Newsweek has contacted CPAC and CPAC Hungary for comment.
CPAC had thrown its weight behind Viktor Orbán, Hungary’s longtime prime minister, who was publicly backed by President Donald Trump, his administration’s top officials and far-right leaders in Europe.
Magyar, a former member of Orbán’s populist Fidesz party, had challenged the four-term leader with an anti-corruption, economics-focused campaign and pledges to move Budapest back toward the embrace of the European Union and NATO.
Orbán was heavily criticized by the EU and observers for chipping away at Hungary’s democratic institutions, including its media outlets and courts.
Orbán’s government was hostile to the European bloc and kept up close ties with Russia despite Moscow’s invasion of Ukraine from early 2022, incensing Kyiv and Brussels.

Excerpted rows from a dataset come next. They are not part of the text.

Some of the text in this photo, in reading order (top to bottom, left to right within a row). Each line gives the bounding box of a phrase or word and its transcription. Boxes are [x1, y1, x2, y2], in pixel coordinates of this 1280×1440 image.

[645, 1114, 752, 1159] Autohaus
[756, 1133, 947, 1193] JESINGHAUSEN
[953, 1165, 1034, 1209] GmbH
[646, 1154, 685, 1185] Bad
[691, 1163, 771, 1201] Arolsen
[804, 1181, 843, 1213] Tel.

As Hungarians cast their ballots, CPAC said it stood “firmly” with Orbán, hailed by CPAC as “a true example of a leader with strong conservative values who has courageously stood up to elitists and globalists from the EU and beyond to protect what is right for his country.”
Orbán’s government has long inspired chunks of the American right, the outgoing prime minister described as the “Trump before Trump” by Steve Bannon, an architect of the U.S. administration’s Make America Great Again (MAGA) agenda.

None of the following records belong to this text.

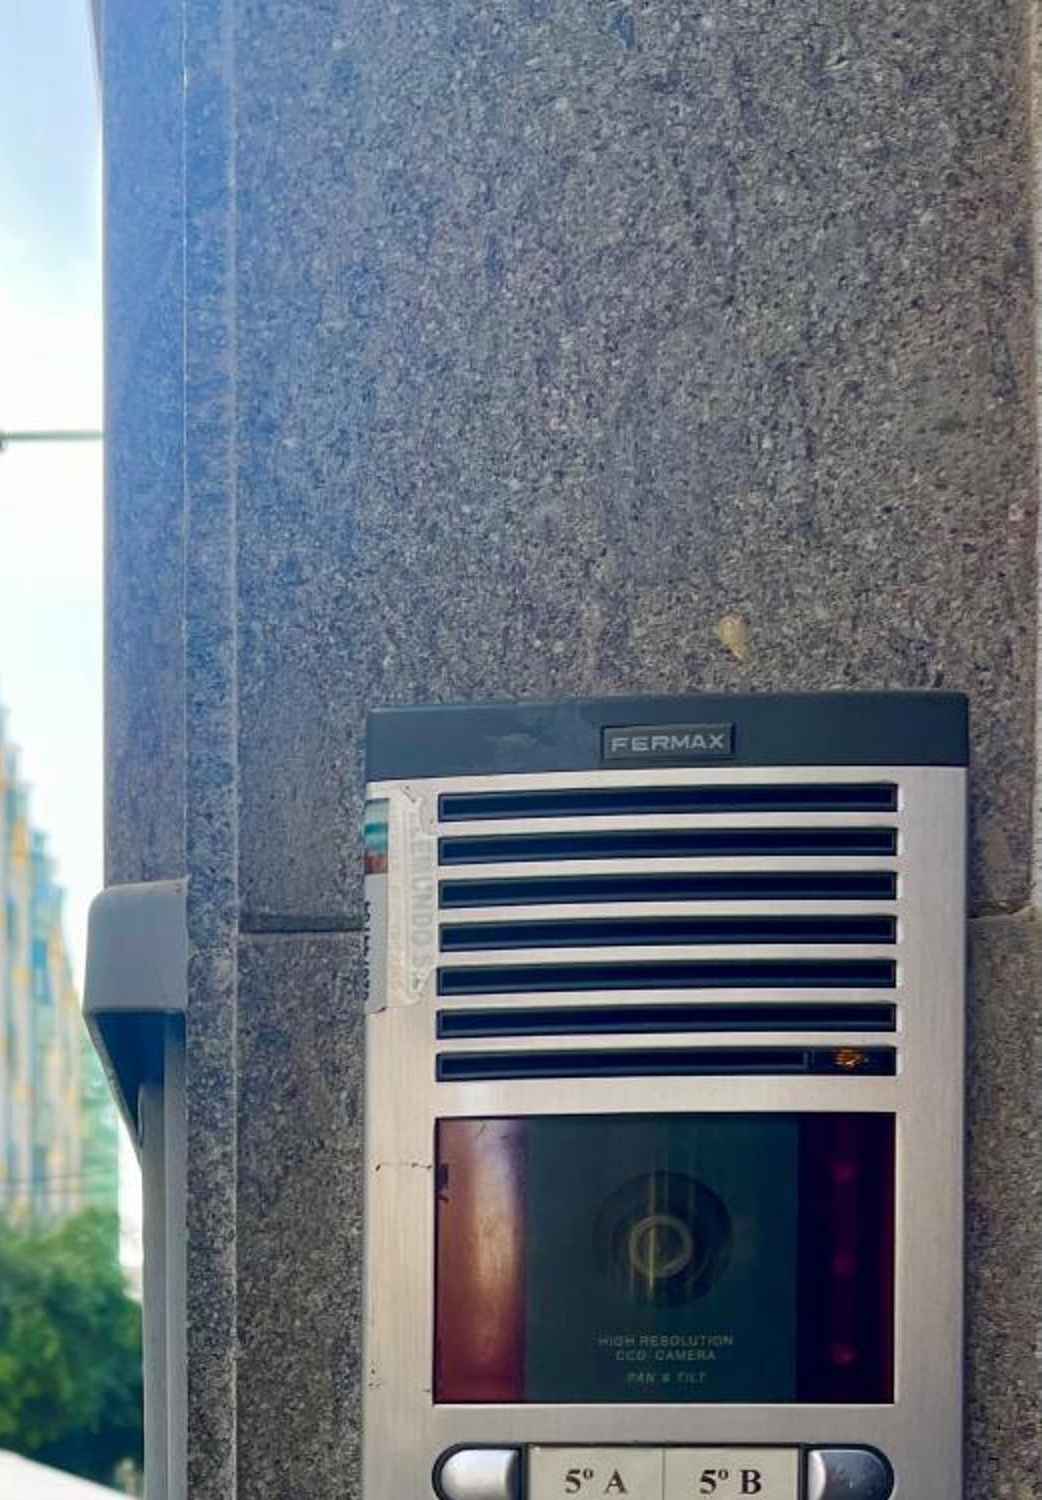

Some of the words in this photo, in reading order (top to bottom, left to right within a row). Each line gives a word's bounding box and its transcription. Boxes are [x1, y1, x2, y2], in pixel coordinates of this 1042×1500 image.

[611, 733, 725, 752] FERMAX
[598, 1335, 635, 1346] HIGH
[639, 1334, 734, 1346] RESOLUTION
[615, 1348, 647, 1361] CCD
[655, 1348, 716, 1361] CAMERA
[628, 1371, 655, 1384] PAN
[678, 1371, 706, 1384] TILT
[604, 1469, 628, 1495] A
[740, 1469, 763, 1495] B

CPAC has held five events in Hungary, including just weeks before the Hungarian parliamentary elections.
“At CPAC Hungary, the key phrase: “No migration! No gender! No war!” was first spoken,” read a promotional message published ahead of the event on March 21.

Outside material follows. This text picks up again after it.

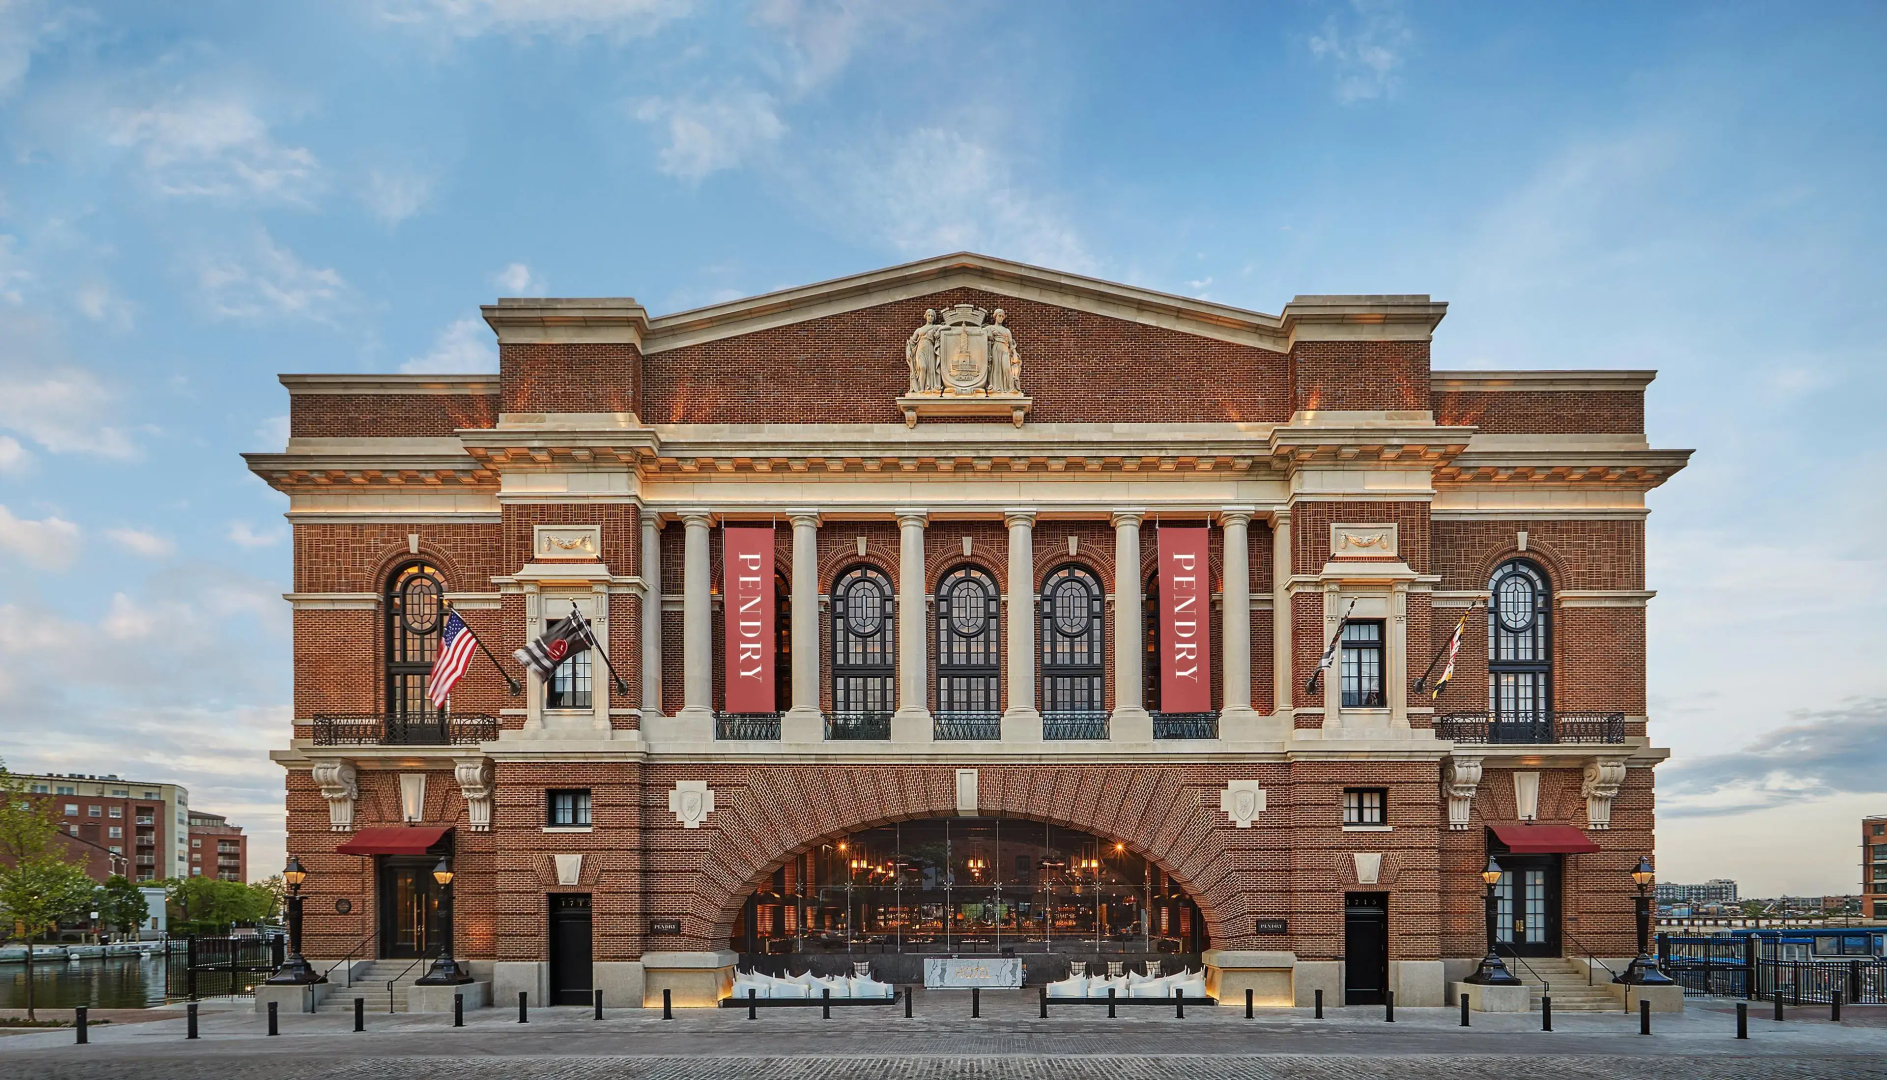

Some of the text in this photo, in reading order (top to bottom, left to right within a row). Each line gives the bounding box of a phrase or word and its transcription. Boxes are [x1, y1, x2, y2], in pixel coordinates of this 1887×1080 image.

Magyar, although on the right of the political spectrum, has veered away from the so-called culture wars-a sharp contrast with Orbán, who pushed Christian, traditional values and a hard anti-immigrant stance.
CPAC Chairman Matt Schlapp said he was “very gratified” that Magyar had invited CPAC back to the country after Tisza’s election win.
“We will take him up on that,” Schlapp said in a brief post to social media.
Magyar told reporters CPAC was “very welcome” in Budapest, but “should not be financed with Hungarian taxpayers' money.”
Magyar said the Hungarian government would also no longer fund the Mathias Corvinus Collegium, a conservative think tank tied to Orbán in the Hungarian capital. Vice President JD Vance spoke at the Mathias Corvinus Collegium during his visit to Budapest in support of Orbán last week.
Vance told Fox News on Monday the U.S. had not expected Orbán to “cruise to an election victory,” but that senior U.S. officials traveled to Hungary “because it was the right thing to do, to stand behind a person who had stood by us for a very long time.”